In forging, metal is shaped by compressive force. Hammers or dies are used to shape metal until the desired shape is achieved. Through the process of forging, the metal becomes deformed and shaped, which results in a continuous grain flow that allows it to remain strong. Furthermore, the removal of defects, inclusions and porosity from the product is an ancillary benefit of this unique grain flow.

In addition to its low cost, forging is also beneficial for medium and long production runs. By careful design of forging tools, it is possible to manufacture products at relatively high speeds with minimal downtime.

When forging takes place at room temperature, it is referred to as cold forging. The forging process can also be undertaken with the metal heated above room temperature to temperatures below that of recrystallization, which is called warm forging. In the hot forging process, metals are heated to their recrystallization temperature, which differs for each material. With blacksmiths using forging centuries ago, forging is amongst the oldest types of fabrication.
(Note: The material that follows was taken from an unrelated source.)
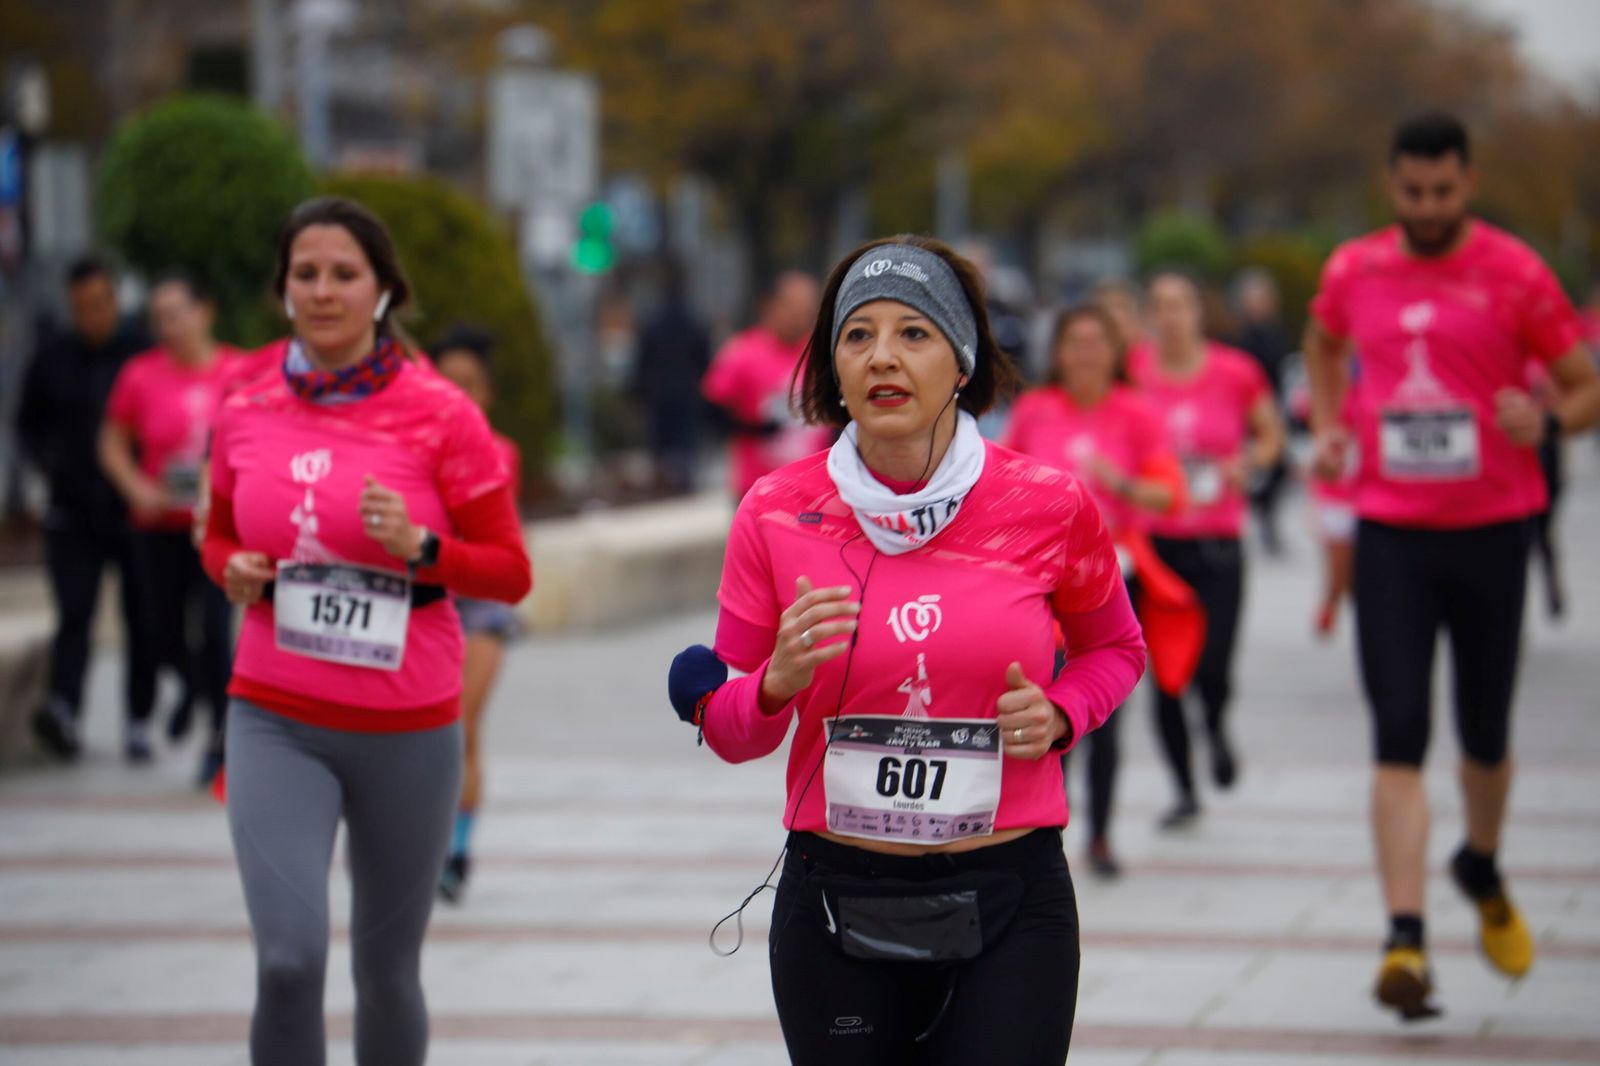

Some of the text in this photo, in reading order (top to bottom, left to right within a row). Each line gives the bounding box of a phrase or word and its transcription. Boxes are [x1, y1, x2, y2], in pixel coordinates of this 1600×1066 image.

[311, 593, 371, 629] 1571
[876, 756, 947, 800] 607
[893, 800, 925, 811] Lourdes
Forging offers the following benefits:

  • It tends to be tougher than other manufacturing methods.
  • More impact-resistant than castings.
  • Since forging is not porous, shrinkage, cavities, or caused by cold pour, these issues do not occur.
  • Forgings have a tight grain structure, making them mechanically strong. Components with high strength require fewer expensive alloys.
  • It is believed that the tight grain structure imparts good wear resistance without the need to produce products that are "super hard". For example, we found that wear/wash on HRC 38-42 forged grinder inserts was similar to that on cast HRC 46-50 grinder inserts. The difference is that HRC 46-50 castings cannot handle high-impact grinding due to their ductility.

Casting vs. Forging: What's the Difference?

Castings produce metal products with relatively low strength, while forgings create metal products with higher strength and hardness. Forged metals have a lower likelihood of shattering when they come into contact with different objects.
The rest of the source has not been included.